记一次代码事故之后

写在前面：近来管理的事儿做得多了些，也就多了些时间去思考什么是公司的“工程师文化”。所谓文化，一定是整个公司都浸淫着的氛围，得靠点滴小事才能折射出来。所以就开始随手记一些工作中的小事儿，给自己一些答案，放在这里也能和大家多一些交流。

某下午，大家正各自忙活着，忽然传来一声吼：“都别pull代码哈，master上的代码不知被谁revert成两个月前的了！”（没错，就是百姓网网站的代码库）。立刻，锁部署系统（后来验证部署系统还是有足够防范不会把老代码直接发布的，但当时那个紧张呀），手工恢复代码库，几个人折腾了快一个小时，才安定下来开始找元凶：是一个实习生小朋友犯迷糊想pull却打成了push --force，指向主repo的master。

几个人坐下来讨论今后该如何防范类似问题。
取消实习生的master写权限？这会严重影响实习生和他mentor的生产效率，不可取；更何况，正式员工也会犯错呀，是不是他们也要根据资历分出个三六九等呢？
那就做更多的mentoring、教会了才给权限？可这次新人的mentor可是公司里最著名的布道github工作流程的人，真的全都教过、教会了，新人只是一时迷糊而已。

那怎么办？

最终的方案：
1. 取消所有人的baixing repo的写权限，只能在自己的repo上修改。
2. 所有工程师要merge代码时就向一个robot发送merge命令。robot会进行各种校验（merge命令发起方的身份、是否有PR、PR是否有reviewer给出LGTM、接下来还考虑加UT等等），成功后才会用robot的账号执行merge操作。
3. 由于同学们已经习惯了在github上review代码然后点merge按钮了，我们就写了小段油猴脚本，把github PR下面那个merge按钮变成了给robot发merge命令。
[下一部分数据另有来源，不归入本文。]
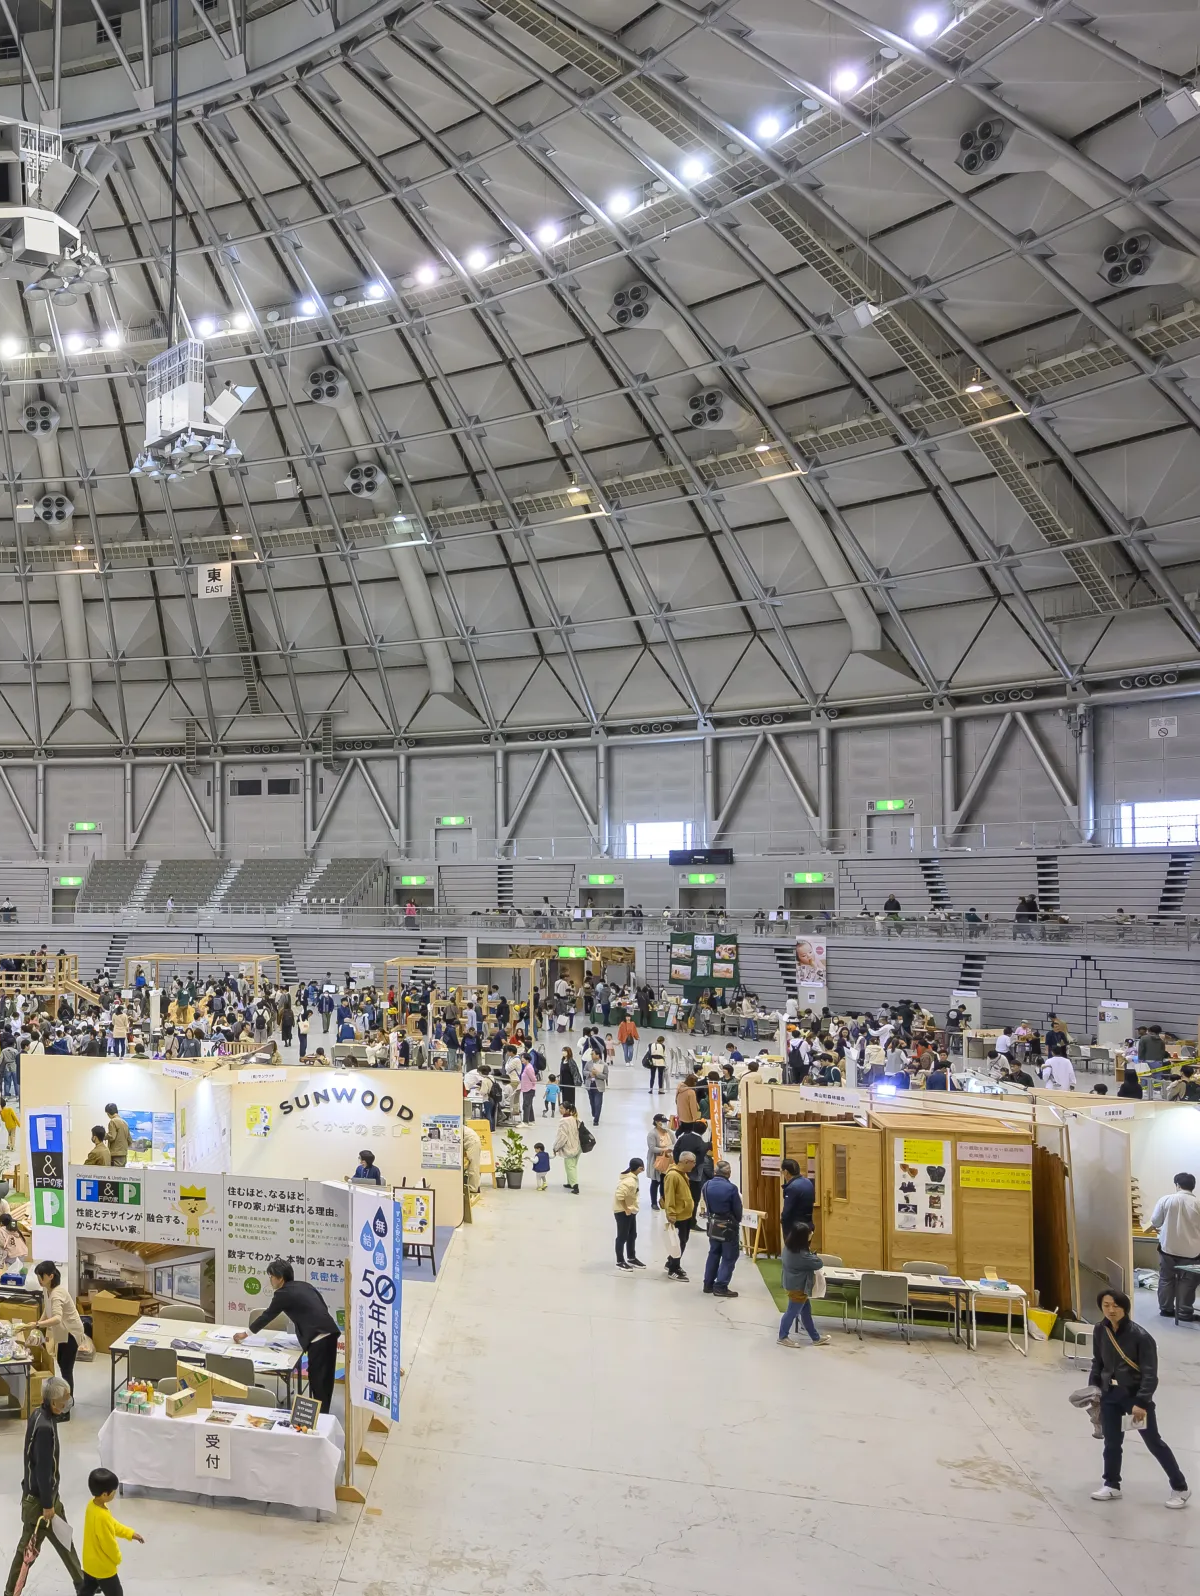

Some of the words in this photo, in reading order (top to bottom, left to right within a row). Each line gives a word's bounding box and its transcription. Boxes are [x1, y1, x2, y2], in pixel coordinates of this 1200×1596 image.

于是，除了需要设置一下油猴插件，之前的工作方式几乎没有任何改变，堪称完美！

一场虚惊后，我们的工作方式又进化了一步。我们一直都信奉breaking things and moving fast，有很多地方为了效率我们会采取一些（以我之前在微软时的标准来看）简单粗暴甚至危险的方式。随着公司的成长，我们要学着避免breaking things，但如何在避免它的同时又不影响moving fast，是一个很值得研究的话题。今后应该不断会有case扔出来和大家交流。

5.28携程事故，左耳朵耗子说了段话特别有道理，结合着咱们自己的事情回顾、自夸一下 :P

技术上出故障是必然的。能否体现一个公司是技术公司，重要看这几点：1）故障的恢复是否有技术含量，2）公司对故障的处理方式，如果是通过加更多的流程，或是通过加更多的权限管控，或是通过处罚犯错误的人，或是上升到员工意识形态上，而不是去用更好的技术来解决，那么这个公司不会是个技术公司。